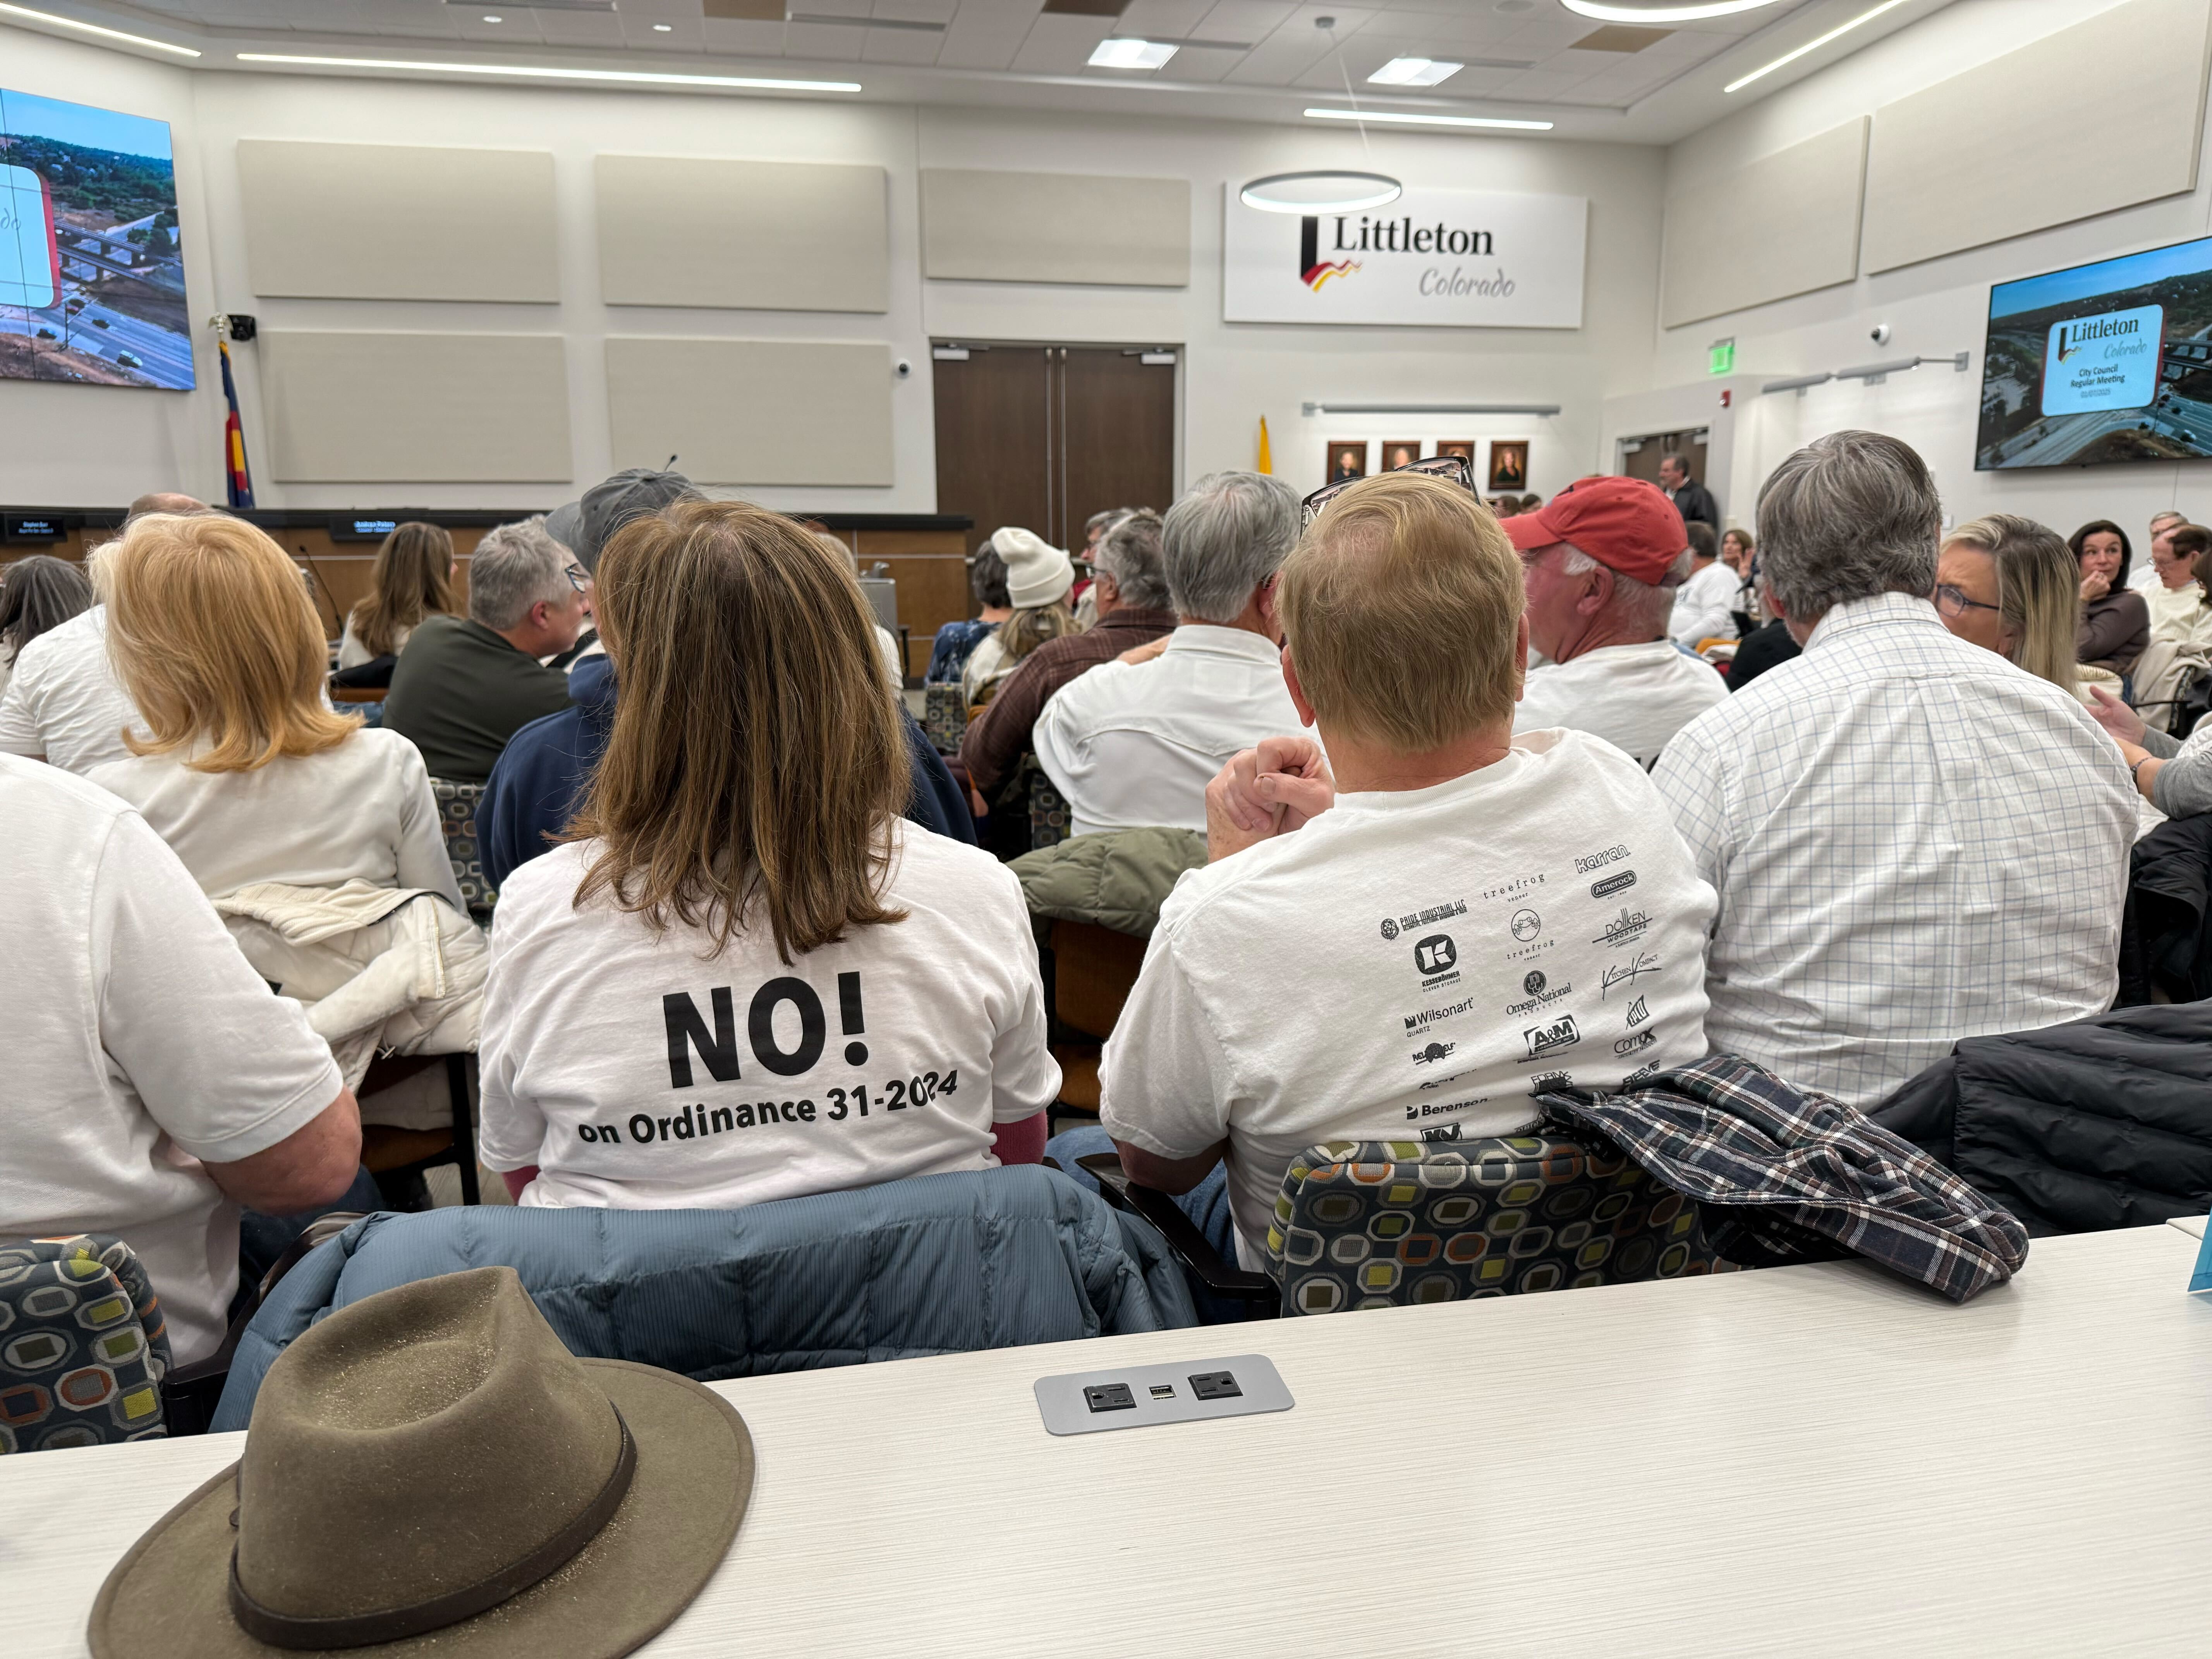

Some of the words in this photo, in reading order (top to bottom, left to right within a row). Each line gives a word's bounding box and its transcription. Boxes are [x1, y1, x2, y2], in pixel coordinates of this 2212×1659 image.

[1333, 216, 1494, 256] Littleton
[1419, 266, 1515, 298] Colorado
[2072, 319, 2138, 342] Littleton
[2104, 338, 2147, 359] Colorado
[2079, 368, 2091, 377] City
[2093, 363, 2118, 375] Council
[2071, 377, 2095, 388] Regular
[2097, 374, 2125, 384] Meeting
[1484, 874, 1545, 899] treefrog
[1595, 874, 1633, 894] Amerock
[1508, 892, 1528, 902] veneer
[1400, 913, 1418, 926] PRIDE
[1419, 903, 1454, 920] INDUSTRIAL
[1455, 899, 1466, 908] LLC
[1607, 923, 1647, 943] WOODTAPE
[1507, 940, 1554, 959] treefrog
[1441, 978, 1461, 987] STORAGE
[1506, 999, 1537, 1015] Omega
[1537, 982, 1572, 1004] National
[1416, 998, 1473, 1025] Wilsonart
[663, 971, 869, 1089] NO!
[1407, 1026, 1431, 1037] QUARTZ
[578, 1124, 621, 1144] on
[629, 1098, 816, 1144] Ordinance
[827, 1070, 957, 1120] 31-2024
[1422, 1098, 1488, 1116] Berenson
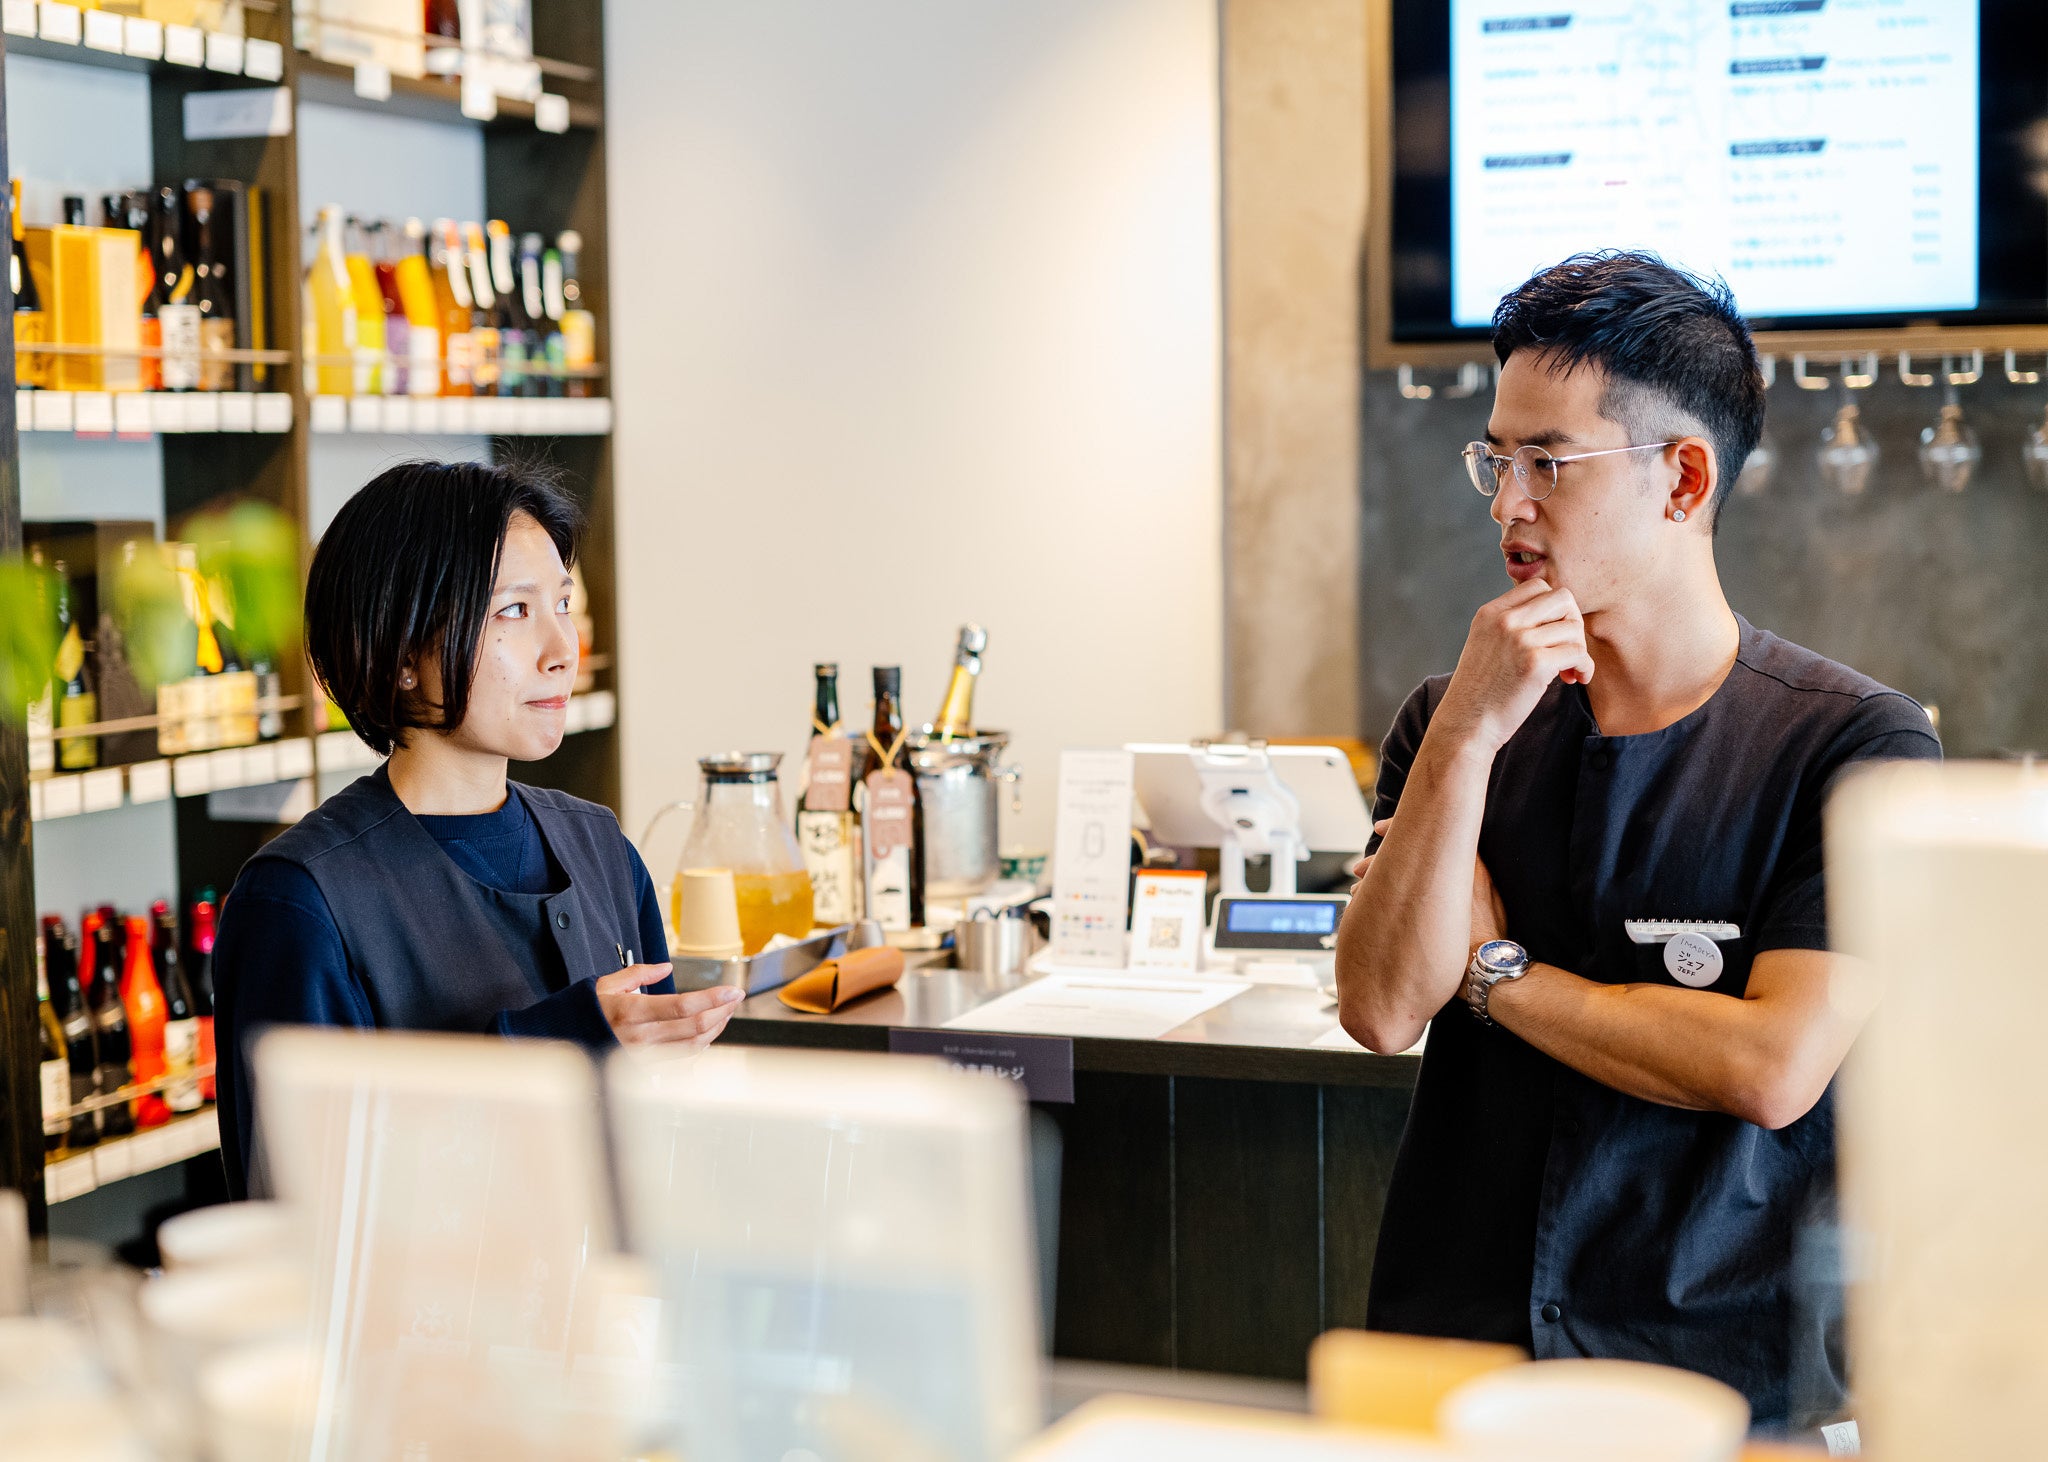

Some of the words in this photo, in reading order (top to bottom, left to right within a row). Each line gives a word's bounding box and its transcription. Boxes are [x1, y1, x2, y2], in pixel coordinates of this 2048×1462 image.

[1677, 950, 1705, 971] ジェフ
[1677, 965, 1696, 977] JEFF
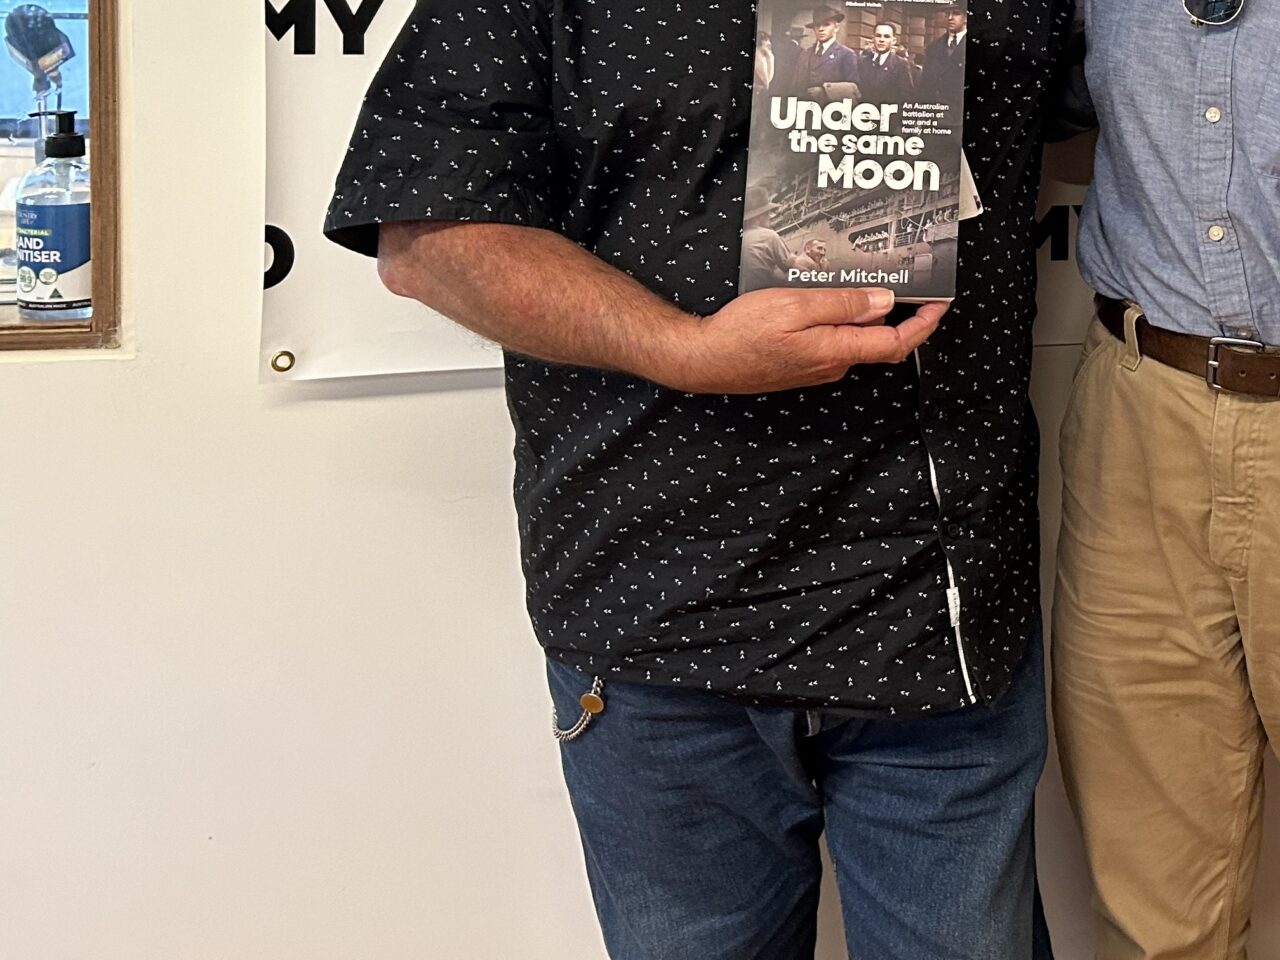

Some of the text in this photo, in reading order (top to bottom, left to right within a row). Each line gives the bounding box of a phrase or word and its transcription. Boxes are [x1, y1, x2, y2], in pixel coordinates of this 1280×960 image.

- - -

__TO DO__.
The lines from the one with "this 2048×1462 image." to the end of the data above should be retyped exactly, both ends included, and pictures are to be left out.

__EXERCISE SOLUTION__.
Some of the words in this photo, in reading order (top to bottom, left to right within a row). Each line gives a word's bounding box and its transcription. Boxes are [x1, y1, x2, y2], in pixel coordinates of this 2048×1462 image.

[1677, 950, 1705, 971] ジェフ
[1677, 965, 1696, 977] JEFF

Some of the text in this photo, in reading order (top to bottom, left to right within a row). Each line gives the bounding box of a phrase or word and its transcription. Boxes are [x1, y1, x2, y2], in pixel coordinates of this 1280×960 image.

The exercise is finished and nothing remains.